We believe the reasoning of Nunez, supra, is applicable here. From an examination of the transcript we find that the waiver of a jury trial was intelligently made based upon the law as it existed at the time of the waiver. The waiver was also voluntarily made, and it was not made any less voluntary by a subsequent change in the law.

WAS MRS. BARR AN INCOMPETENT WITNESS?

Our statute on the marital privilege reads in part as follows:

'A person shall not be examined as a witness in the following cases:

'1. A husband for or against his wife without her consent, nor a wife for or against her husband without his consent, nor can either, during the marriage or afterwards, be, without consent of the other, examined as to any communication made by one to the other during the marriage. These exceptions do not apply in a criminal action or proceeding for a crime committed by the husband against the wife, or by the wife against the husband. * * *' § 13--1802 A.R.S.
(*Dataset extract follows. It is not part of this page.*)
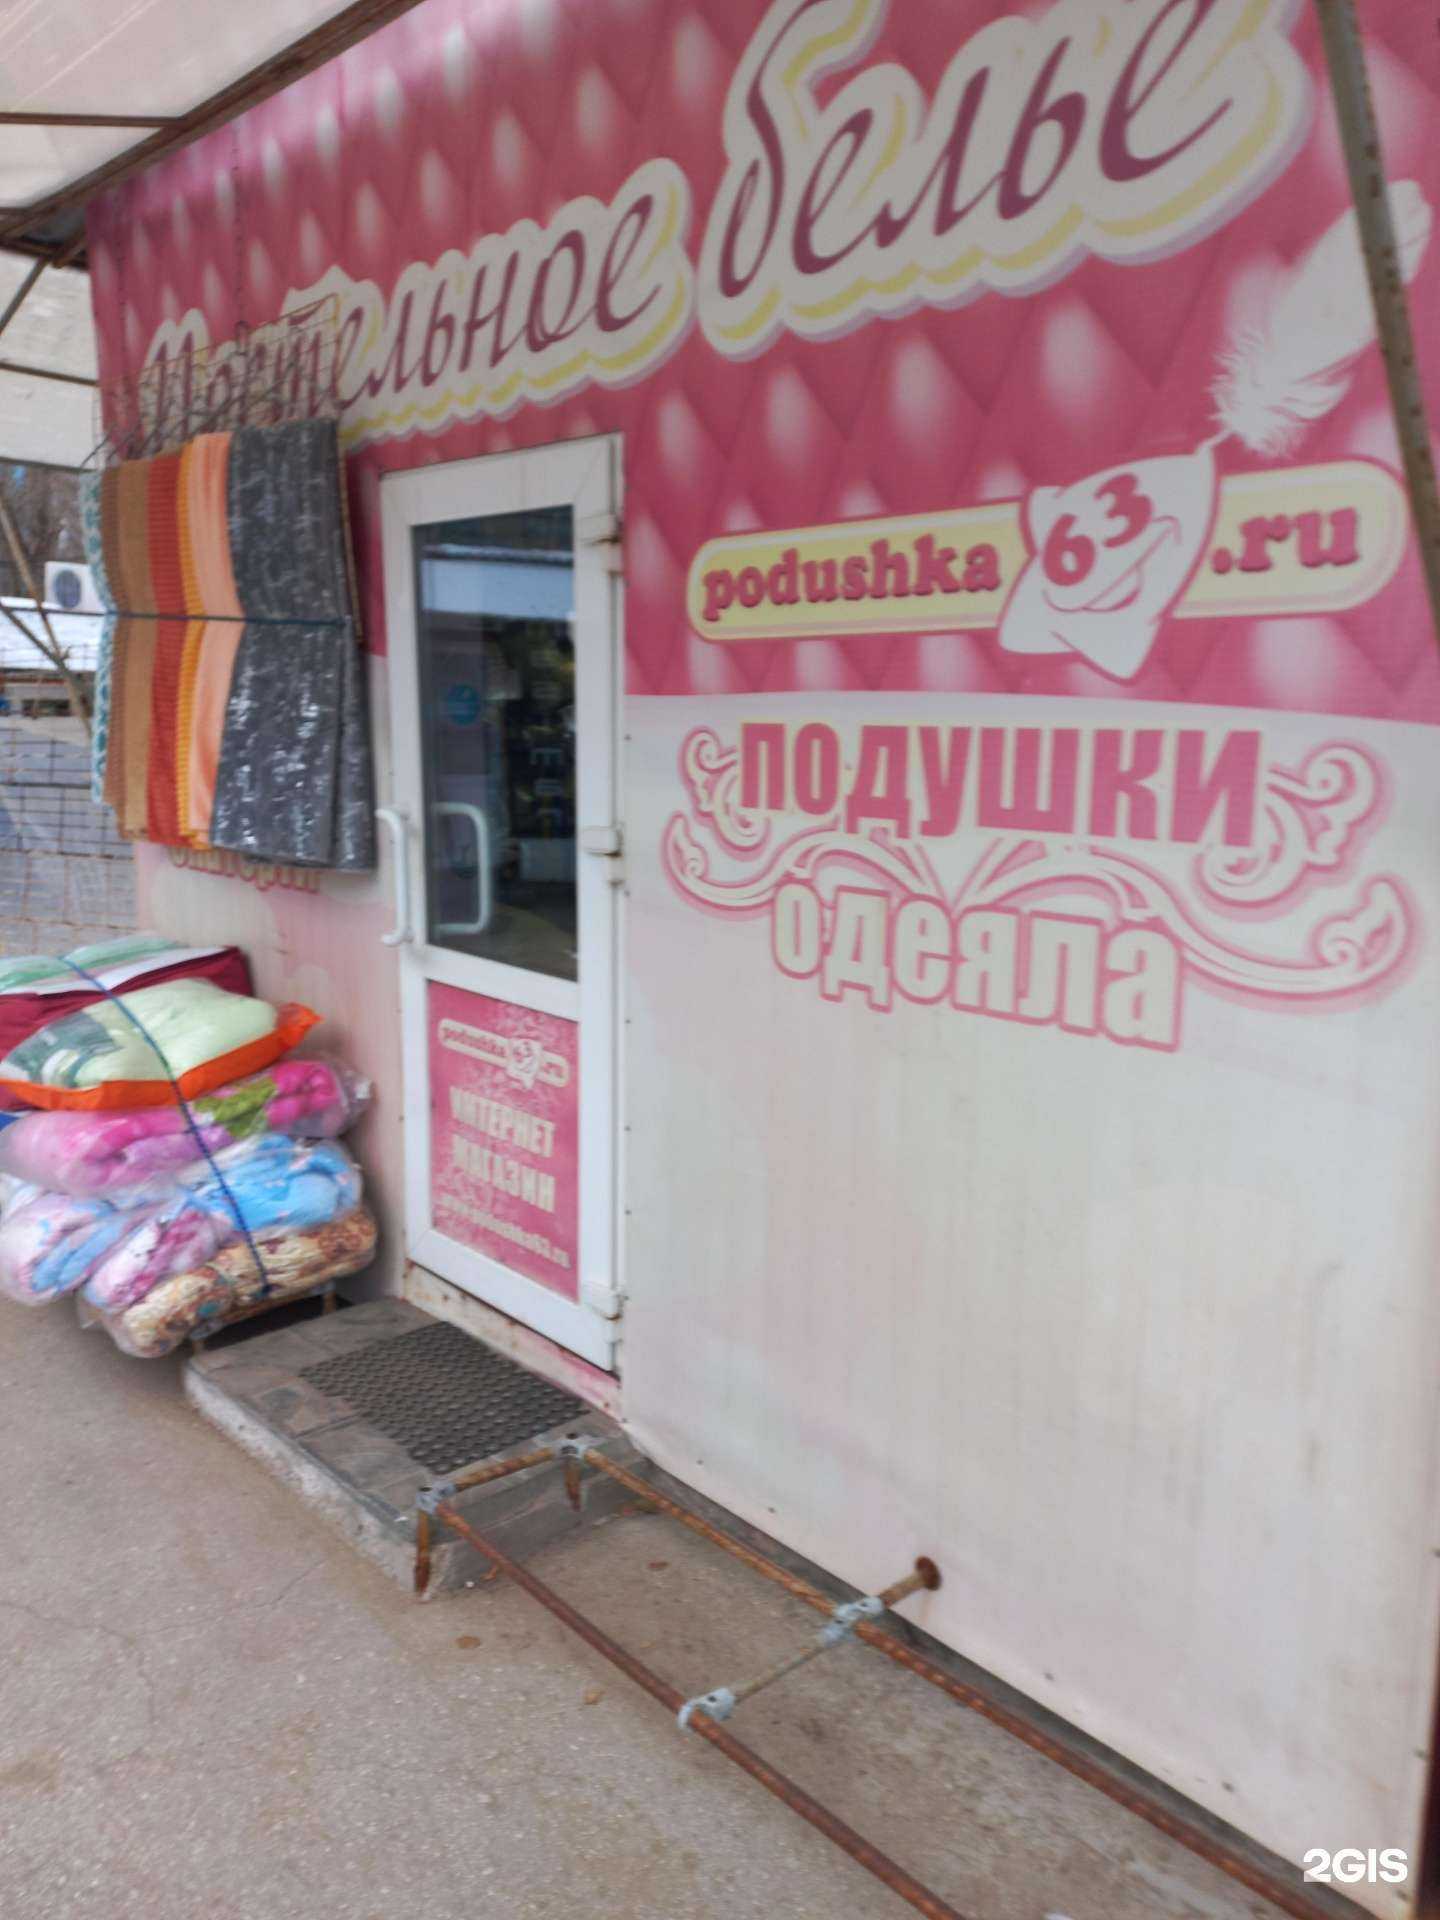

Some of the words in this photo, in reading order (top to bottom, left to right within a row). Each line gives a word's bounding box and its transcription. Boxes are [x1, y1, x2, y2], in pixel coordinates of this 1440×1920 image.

Section 13--1802 A.R.S. deals with two separate and distinct concepts: incompetency of one spouse as a witness for or against the other, and the privilege held by one spouse which prevents adverse testimony by the other both during and after the marriage. The incompetency portion of our statute operates to absolutely disqualify a spouse as a witness for or against the other without his or her consent. The proscription applies only so long as the parties are married.

Defendant sought to prevent his (ex-) wife's testimony by collaterally attacking the Texas divorce decree on due...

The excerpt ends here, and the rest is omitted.